Answer: The pandemic has thrown the world’s children, poor and rich alike, into three essential “buckets” – the result of improvised school closures around the world and, of course, the widespread advent of “virtual” or online schooling:

  • Bucket 1 is those in physical (“classical”) school;
  • Bucket 2 is those in online (“virtual”) schooling; and
  • Bucket 3 is those NOT in ANY school AT ALL.

I simplify, of course, as the pandemic has also seen an explosion in so-called “pod (informal, bespoke) schooling”, homeschooling and various forms of “hybrid schooling” (combinations of online and physical schooling). The “school of life” does not yet figure in these categories.

If there has, apparently, in many countries around the world, been widespread erosion of standards, quality and school “identity” or “spirit” across the first two buckets during the pandemic (the result of an inevitable renegotiation of scholastic norms, in teaching and learning alike, on top of obvious public health pressures), the third bucket – that of “ouster” from schooling altogether – is a function of widespread “systems collapse” during the pandemic. And with this systems collapse, the number of kids who suddenly find themselves in the third bucket is now easily estimated to be in the hundreds of millions.

To be clear, the third bucket is not, in the main, an extension or logical continuation of a phenomenon that precedes the pandemic. Let us not rush to speak of increased truancy or even “bad kids” or “vulnerable kids” who were ejected (or self-ejected) from schooling, precursors oblige, as soon as the pandemic hit – in other words, kids who were “on their way out” already, as it were.

Nay, in the strictest sense, we speak here of a step-function collapse in schooling and school systems – for poor and rich kids alike; for weak and gifted students alike; and for elementary and secondary students alike.

The result of this step-function collapse is that there are now, across the world, hundreds of millions of kids who were in schools only a year ago, but who are now, in the near-post-pandemic context, out of school altogether – often for the foreseeable future, and often permanently.

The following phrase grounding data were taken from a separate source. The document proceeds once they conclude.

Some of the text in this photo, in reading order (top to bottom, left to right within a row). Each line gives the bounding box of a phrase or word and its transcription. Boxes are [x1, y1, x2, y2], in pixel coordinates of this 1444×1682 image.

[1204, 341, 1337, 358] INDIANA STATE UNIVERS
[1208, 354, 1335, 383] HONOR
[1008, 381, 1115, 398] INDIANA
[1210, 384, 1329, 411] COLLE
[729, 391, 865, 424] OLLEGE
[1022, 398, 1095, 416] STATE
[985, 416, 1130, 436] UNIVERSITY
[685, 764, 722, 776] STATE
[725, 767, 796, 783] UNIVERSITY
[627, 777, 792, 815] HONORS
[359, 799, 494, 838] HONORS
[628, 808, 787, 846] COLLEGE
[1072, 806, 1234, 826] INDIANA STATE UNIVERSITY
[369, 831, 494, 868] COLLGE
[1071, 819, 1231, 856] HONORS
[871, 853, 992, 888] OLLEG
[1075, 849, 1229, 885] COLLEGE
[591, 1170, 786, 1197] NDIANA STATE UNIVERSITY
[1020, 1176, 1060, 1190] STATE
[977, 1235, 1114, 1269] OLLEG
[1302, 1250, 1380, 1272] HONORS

These are the same children who were, in many cases, in our parks, hockey rinks, football and cricket pitches, and on our basketball courts and baseball diamonds but a year ago – perfectly “normal” kids, as a rule, whose daily cadence of going to school was broken (not “interrupted”), from as early as February/March/April 2020, by extraordinary events and extraordinary reactions to such events.

How Could This “Ouster” Have Happened? Whence the Third Bucket?

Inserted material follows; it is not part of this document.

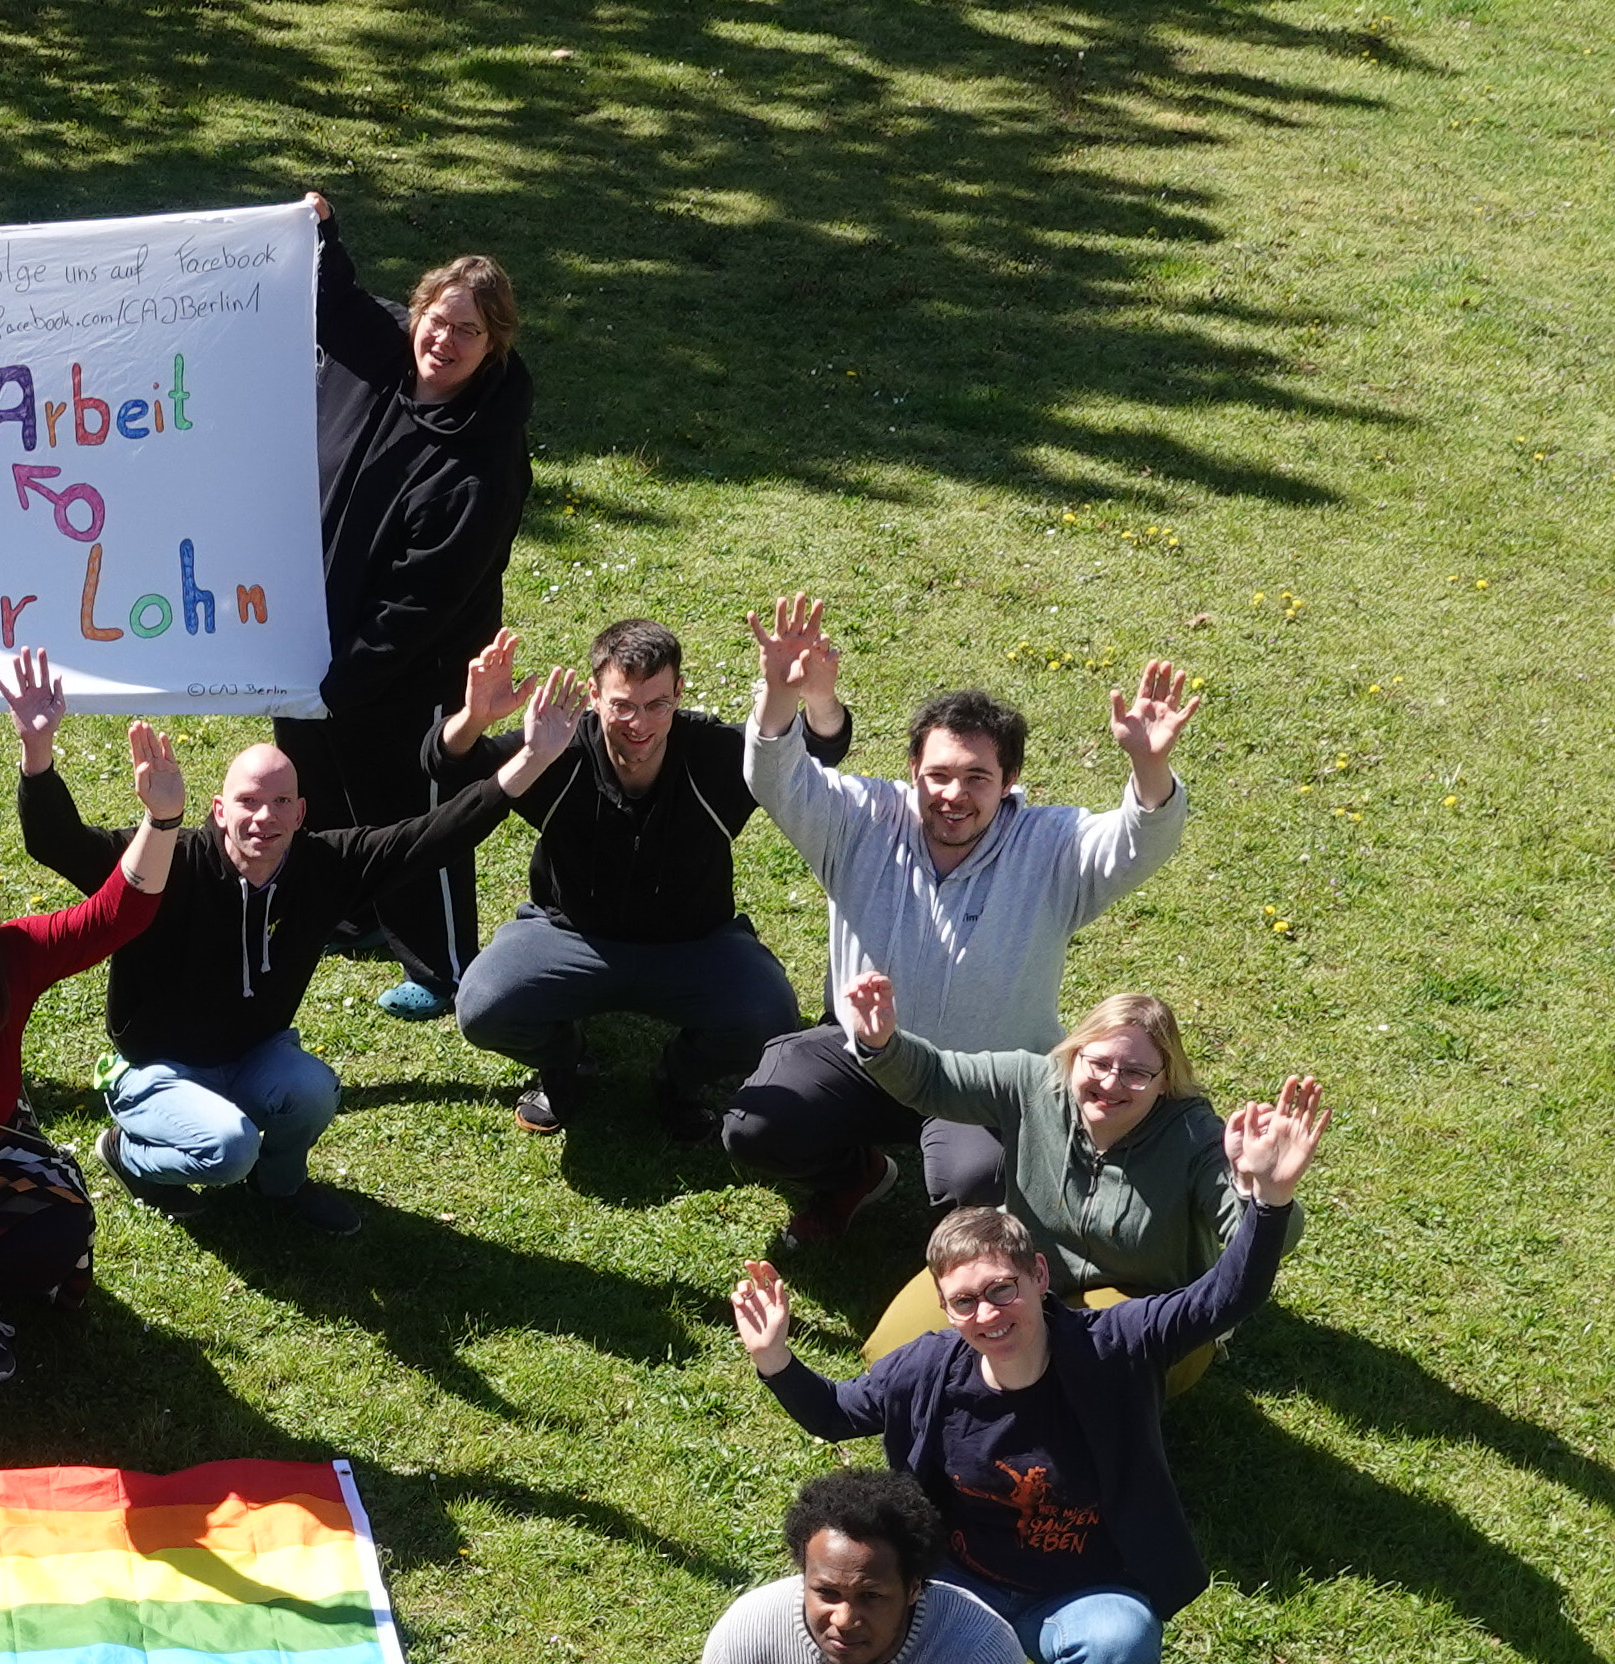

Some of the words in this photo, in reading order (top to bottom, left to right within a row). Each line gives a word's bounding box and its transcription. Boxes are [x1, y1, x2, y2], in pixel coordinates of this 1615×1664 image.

Many countries around the world will have understood or anticipated the dynamic of ouster in the event of mass, often prolonged, school closures. However, a significant number of countries – especially developed countries – still have difficulty “accepting” that mass ouster of students into the “third bucket” can have happened at all within their borders, in the early 21st century.

What do you mean, these countries would ask, that there are suddenly hundreds of thousands – or even millions, or tens of millions – of children now not in any type of schooling in our country? How is this possible? (The same questions are asked of these same countries by countries that have not seen the catastrophe of third-bucket children.)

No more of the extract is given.